The tree nodes are XCDL objects, each with specific properties:
Nodes can have distinct status attributes:
Since multiple boards can be supported by an XCDL component repository, it makes no sense to have all existing boards in use during the configuration process, but only the board required for the application. Loading a package automatically loads all parent packages, recursively. Packages not loaded are not presented in the XCDL configuration tools.
Components may have constraints, for example a certain driver may be optimised to use the DMA, but only if the peripheral supports DMA. Common constraints are related to hardware, but software constraints can be defined too. The active/inactive state is automatically computed, and a component is active if and only if all of its constraints are satisfied.
During the configuration process the user may select which components to include in the build and which components are not needed, by manually enabling/disabling components. Disabling a component automatically disables all children components. Components may have requirements, so enabling a component may automatically trigger enabling other components, recursively.

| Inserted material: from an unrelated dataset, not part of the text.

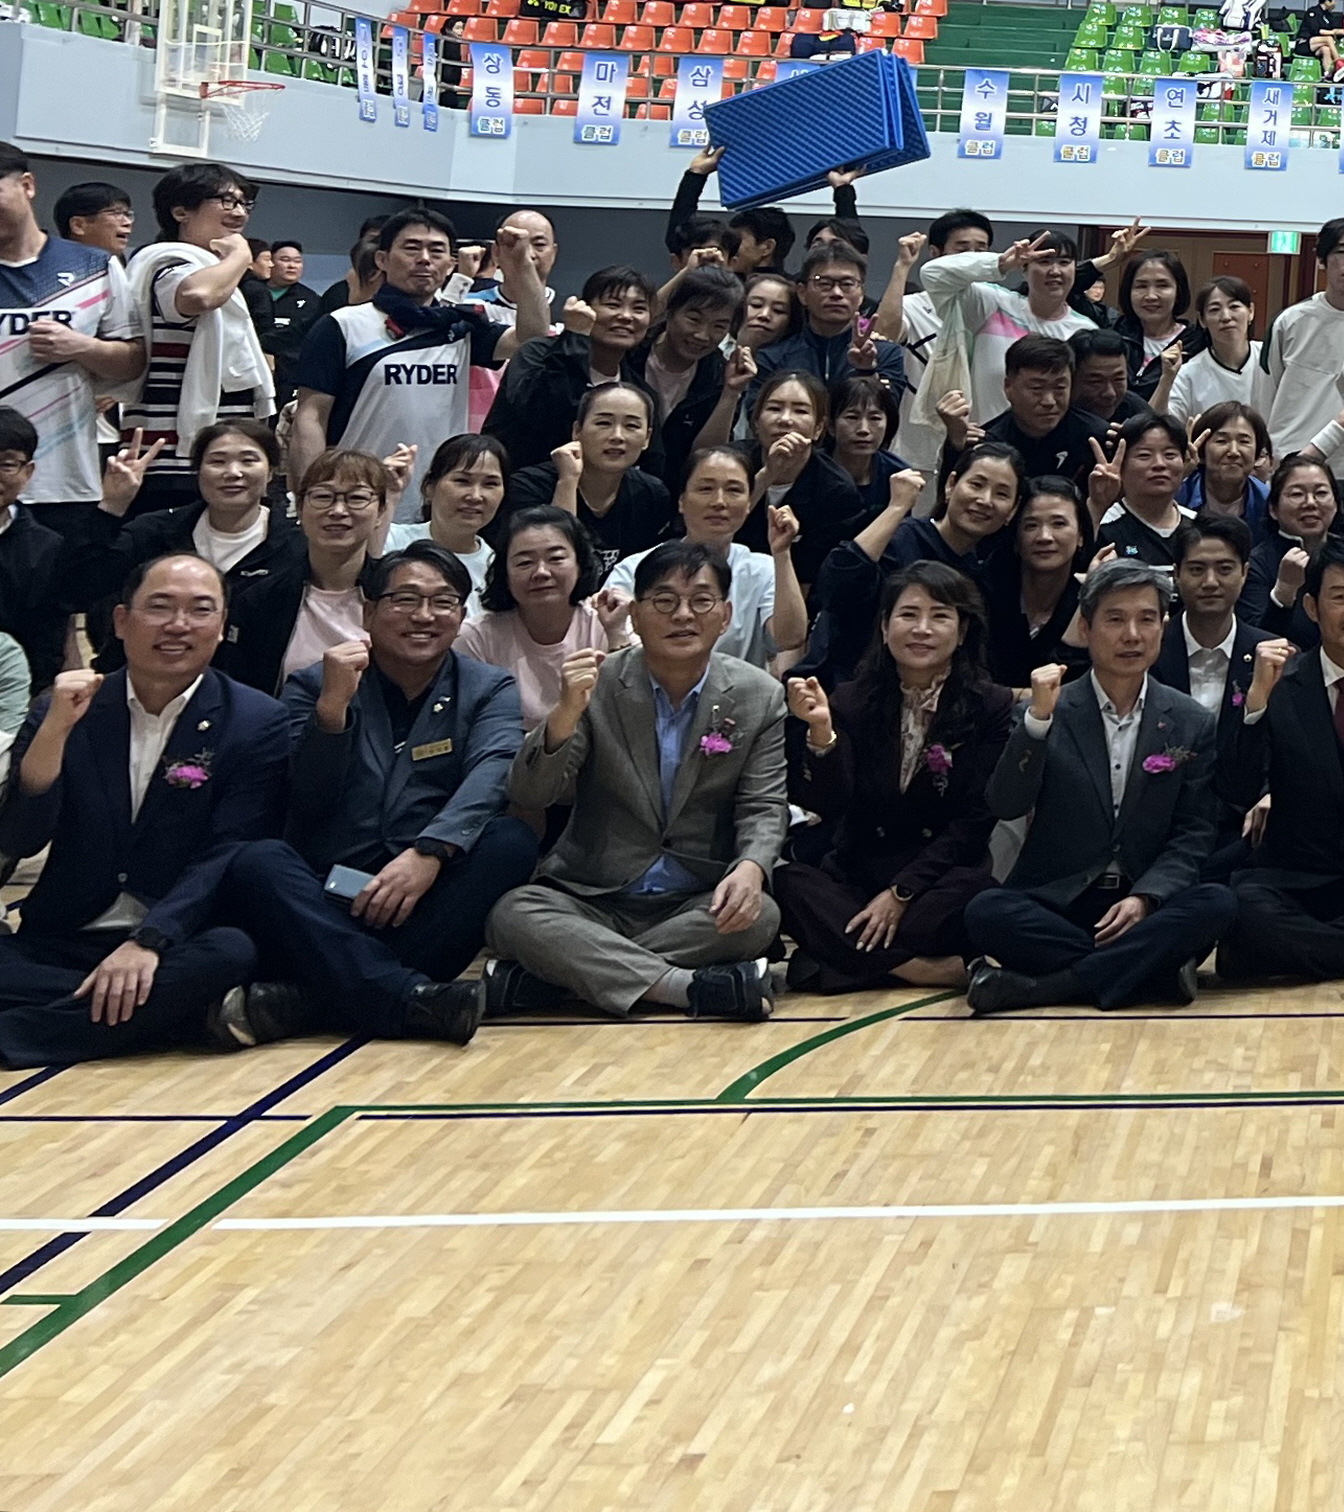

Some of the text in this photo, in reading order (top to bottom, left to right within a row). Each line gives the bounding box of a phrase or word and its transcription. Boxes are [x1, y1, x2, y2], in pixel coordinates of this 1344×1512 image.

In addition to dependencies definitions, the XCDL metadata should provide some grouping definitions, to assist the XCDL tools in providing meaningful suggestions for major selections, for example when creating a new configuration the list of available boards should be presented.
Q: What is the speed, availability, response time, recovery time of various software functions, etc.?
Considering that the XCDL tools will usually run on development machines, which have more than average resources (RAM and CPU), the tools performances shall not be an issue.
Q: Are there any required standards in effect, implementation language, policies for database integrity, resource limits, operating environment(s) etc.?
The Eclipse plug-in should run on Eclipse Kepler or later.
The XCDL metadata should be stored as XML in standard text files, editable with common text editors.
Software system attributes
Q: What are the portability, correctness, maintainability, security, etc. considerations?
Being written in Java and Python, the XCDL framework is, at least theoretically, portable.
Tip: Should not describe any design or implementation details.
- the XCDL framework shall not be specific to a revision control system, svn/git/hg/etc shall be accepted
- the build configs may run on identical or different hardware (different boards, different processors, different amounts of ram/flash, etc); an example of such a config was used for the Metrilog SDI-12 sensors, where the Debug config used a larger AVR than the Release.
- shall allow multiple toolchains
- shall be C/C++ centric and shall handle C/C++ dependencies automatically (obviously)
- shall provide support for testing (continuous integration)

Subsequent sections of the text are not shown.